What do lower expectations for high-end headsets mean for VR and AR in the next year? Content creators will need to leverage existing technology, and develop for the low end. Smartphones will get better in 2017, and increasingly they will natively support AR and VR, along with “3D imaging” – determining depth in images. It’s easy to see how this will integrate in a few years. But not just yet, since consumers typically take 3 years to replace their devices.

This in turn makes the case for WebVR as a development environment. This year mobile Chrome and Firefox will run VR natively, which will combine with their support for AR via the Geolocation and Media API. So, it is possible to develop VR, AR, and hybrid systems with relatively low-cost strategies using standard web development via HTML, CSS, and JavaScript. A WebVR “web app” can be deployed directly to the Google Cardboard world, and can also serve as a prototype for faster natively-coded systems. Since WebVR supports Vive and Oculus headsets, you’re covered there as well.
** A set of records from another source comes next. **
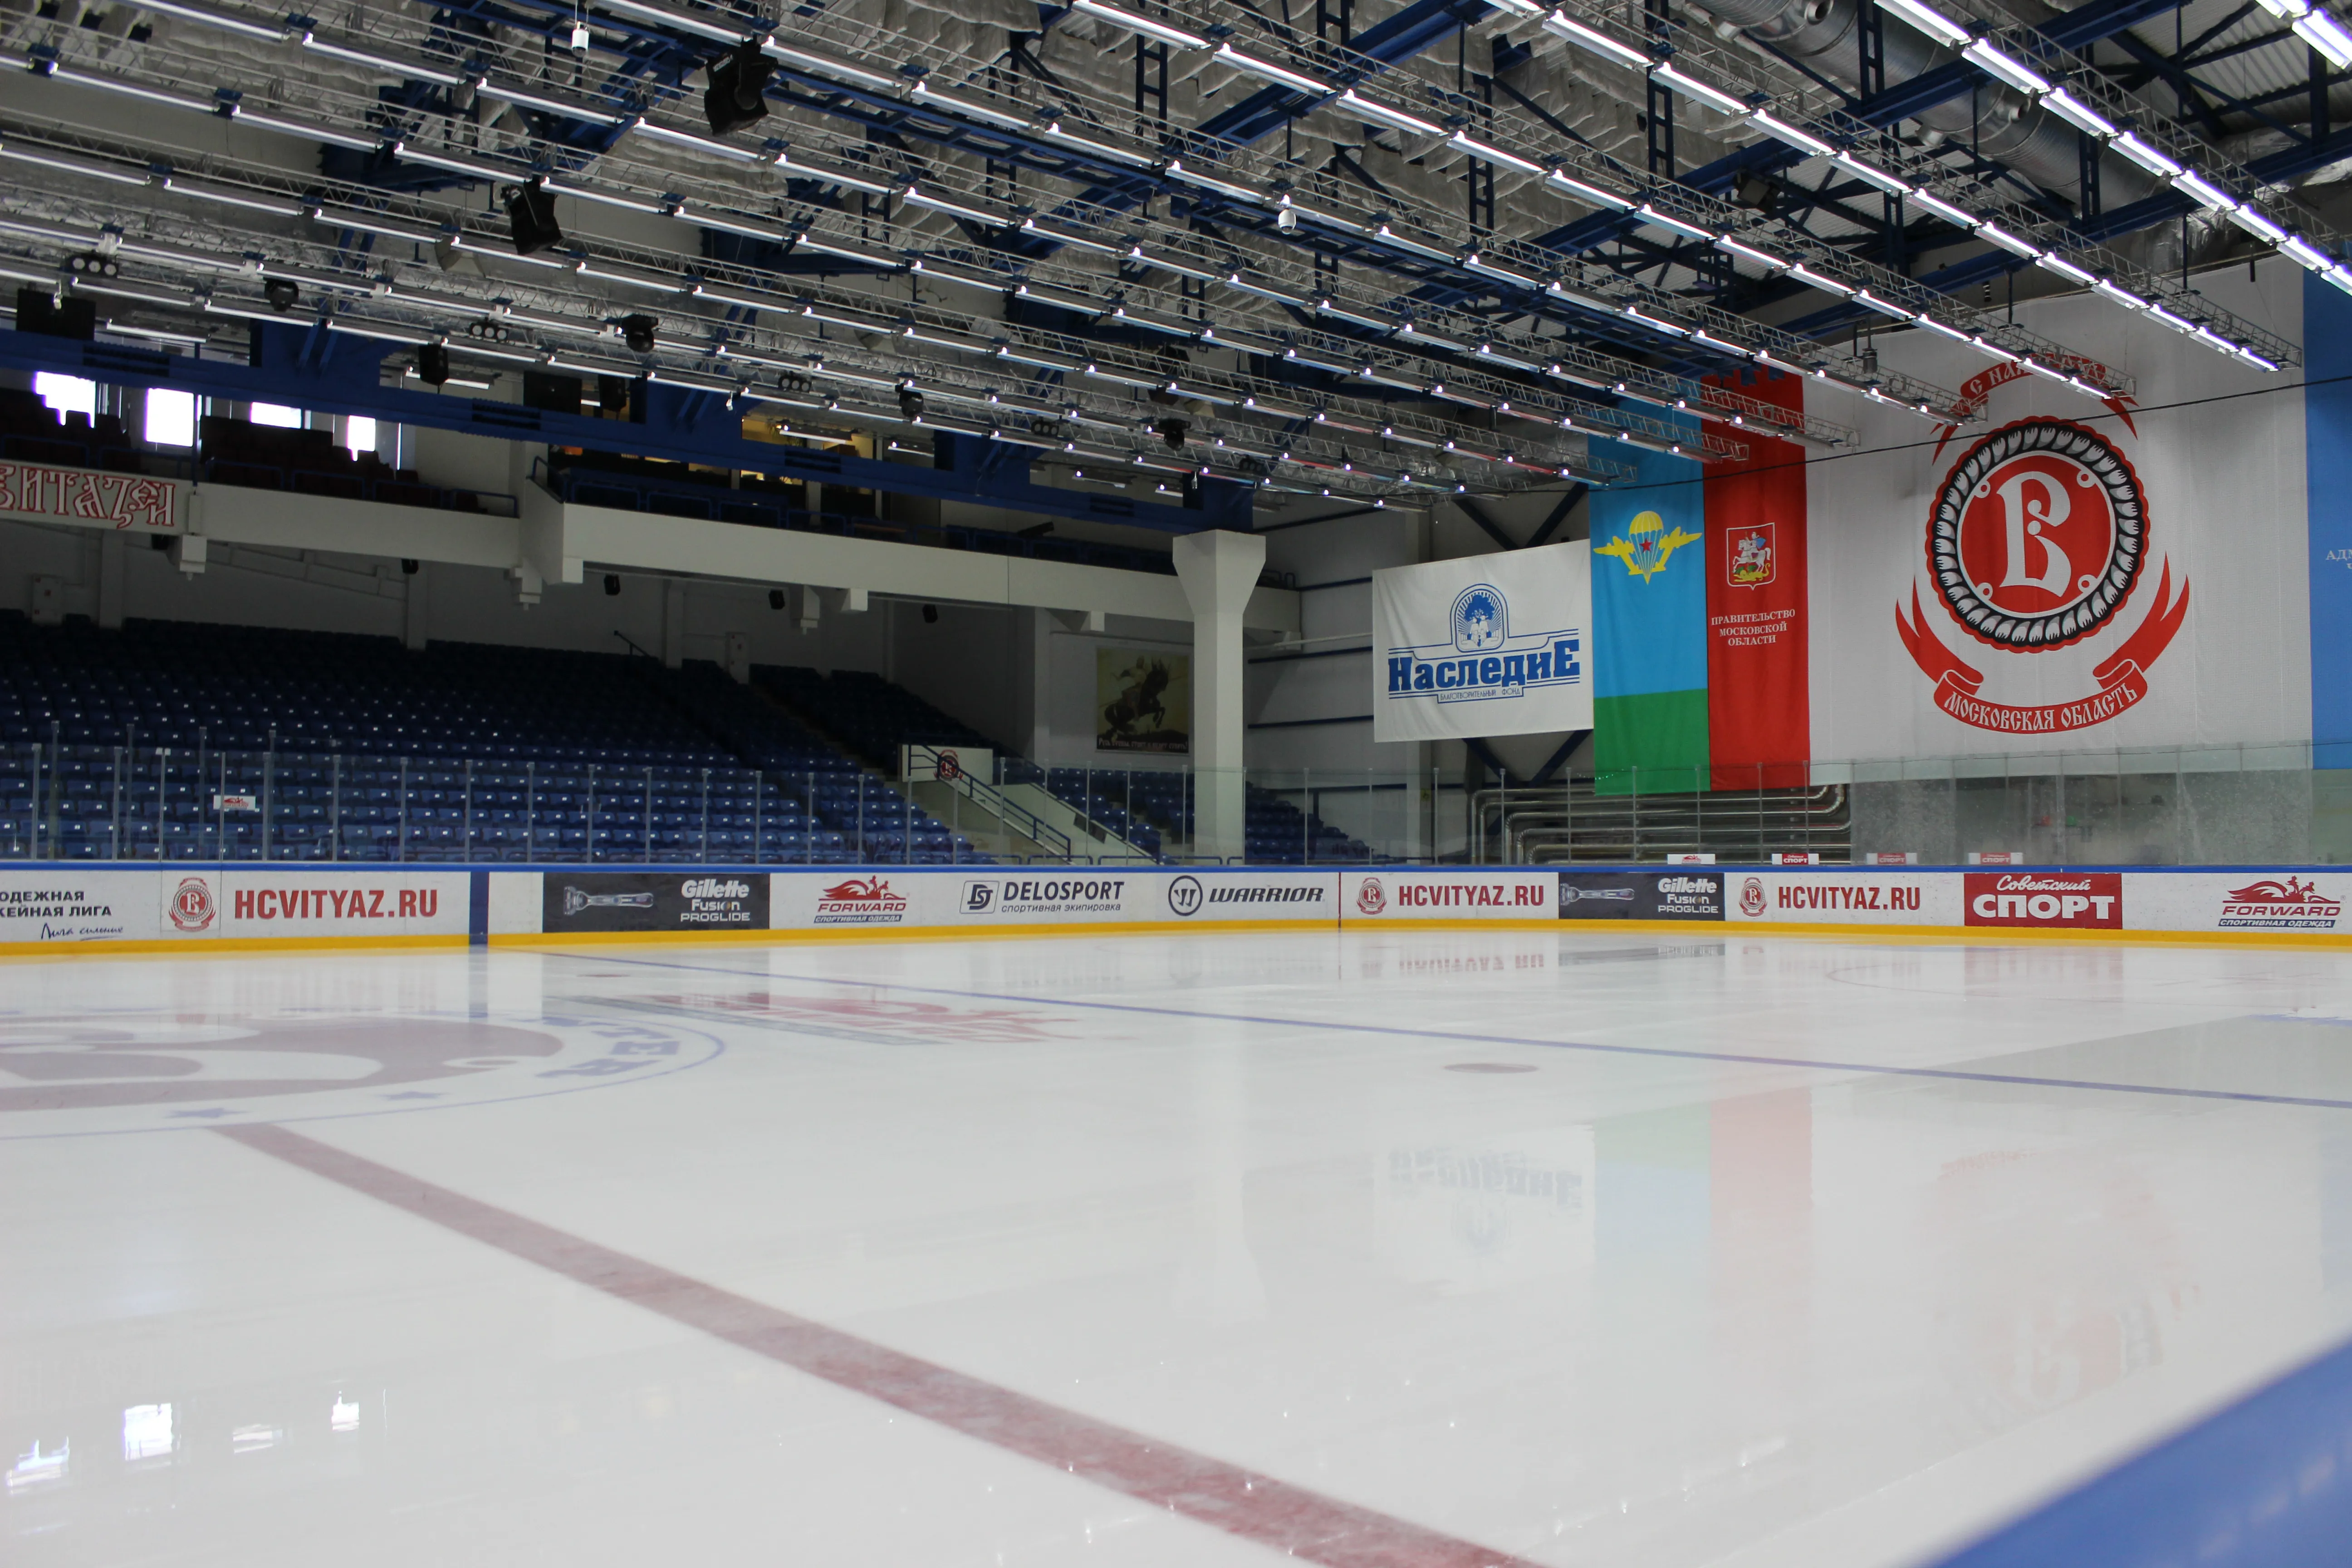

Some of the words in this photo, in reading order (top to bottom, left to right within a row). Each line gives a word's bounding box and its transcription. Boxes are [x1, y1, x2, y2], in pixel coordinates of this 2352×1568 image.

[1711, 609, 1795, 626] ПРАВИТЕЛЬСТВО
[1720, 621, 1787, 637] МОСКОВСКОЙ
[1728, 635, 1776, 646] ОБЛАСТИ
[1440, 689, 1496, 701] БЛАГОТВОРИТЕЛЬНЫЙ
[1502, 687, 1520, 696] ФОНД
[1944, 691, 2055, 731] МОСКОВСКАЯ
[2061, 683, 2138, 727] ОБЛАСТЬ
[681, 878, 750, 898] Gillette
[1658, 877, 1717, 893] Gillette
[1996, 875, 2091, 891] Советский
[1003, 882, 1125, 901] DELOSPORT
[1209, 887, 1324, 902] WARRIOR
[1399, 885, 1544, 906] HCVITYAZ.RU
[1779, 886, 1921, 910] HCVITYAZ.RU
[69, 906, 112, 916] ЛИГА
[235, 889, 437, 919] HCVITYAZ.RU
[818, 903, 906, 912] FORWARD
[1001, 904, 1061, 913] спортивная
[1064, 903, 1121, 913] экипировка
[1658, 905, 1719, 913] PROGLIDE
[1973, 894, 2115, 920] СПОРТ
[2222, 906, 2341, 916] FORWARD
[681, 912, 750, 922] PROGLIDE
[2288, 920, 2332, 928] ОДЕЖДА
And if you’re a web developer who didin’t get into the app world, this is a great opportunity. Native VR and AR is stalled while consumers upgrade their hardware. In contrast, WebVR will run everywhere right now with standard web dev tools and languages. As Eric Floerzano says in his Medium article:

All of a sudden, WebVR is the best channel for small-to-medium sized VR content to be published if it’s intended to go viral and be shared with the most VR users.
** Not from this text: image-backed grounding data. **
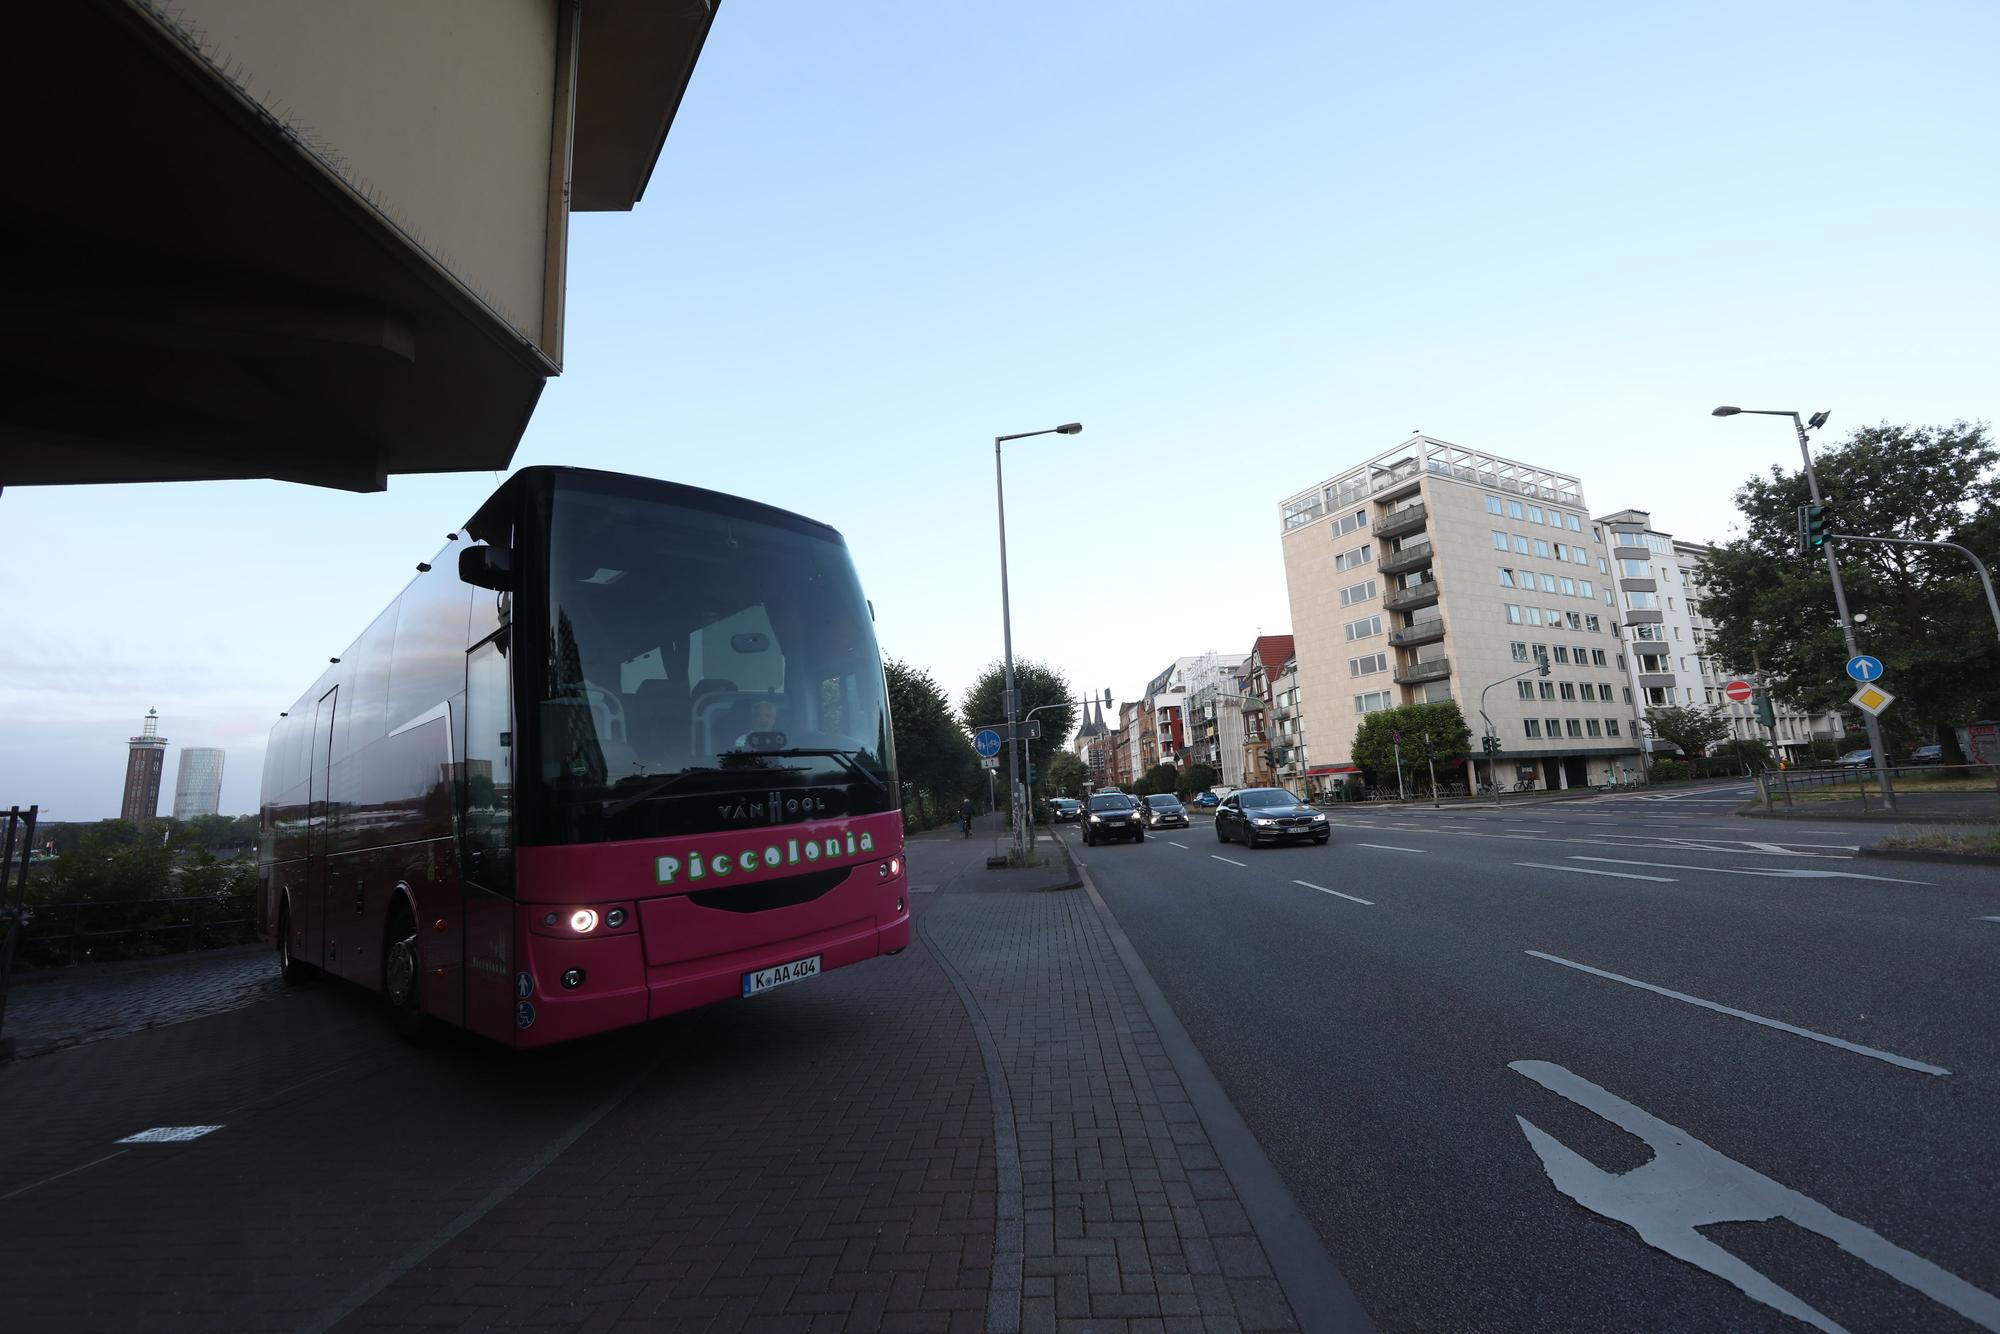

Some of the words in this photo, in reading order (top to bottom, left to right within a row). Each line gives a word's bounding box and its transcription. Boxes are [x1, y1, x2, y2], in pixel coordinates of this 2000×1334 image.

[717, 803, 764, 820] VAN
[768, 791, 825, 823] HOOL
[656, 831, 874, 884] Piccolonia
[755, 972, 766, 989] K
[773, 966, 791, 984] AA
[793, 959, 816, 977] 404
Eric also points out the advantages of WebVR (opposed to native, Unity or Unreal Engine) if you find you’re earlier in the VR/AR game than was predicted in 2016:

  1. Development cycles are faster with WebVR than with native or compile to native (like Unity)
  2. Testing is easier, since you can check an update by refreshing your browser, instead of downloading and installing a new version of the app
  3. Consumers will get a constantly updated VR/AR experience, since they can also update by refresh, instead of going to their App Store to re-download the software

In addition to his point, consider the following:

  1. Portals for creating WebVR experiences (e.g. a YouTube for VR) will become common in 2017, allowing an even easier entry
  2. The tools for creating WebVR experiences will be online, with little to no cost, as opposed to the $$$ for a traditional software development platform
  3. Simple VR authored via markup like A-Frame will allow more people – especially design and coding students – create VR/AR as part of portfolios

Unless you’re doing a pure AR play aimed at standard smartphone screens, WebVR lets you get skin in the game, and solve the difficult problems of VR/AR interaction and storytelling. Eric sees VR having its comeback moment in 2019-2020. In 2017, WebVR remains your non-brainer entry to leap ahead into the VR and AR world.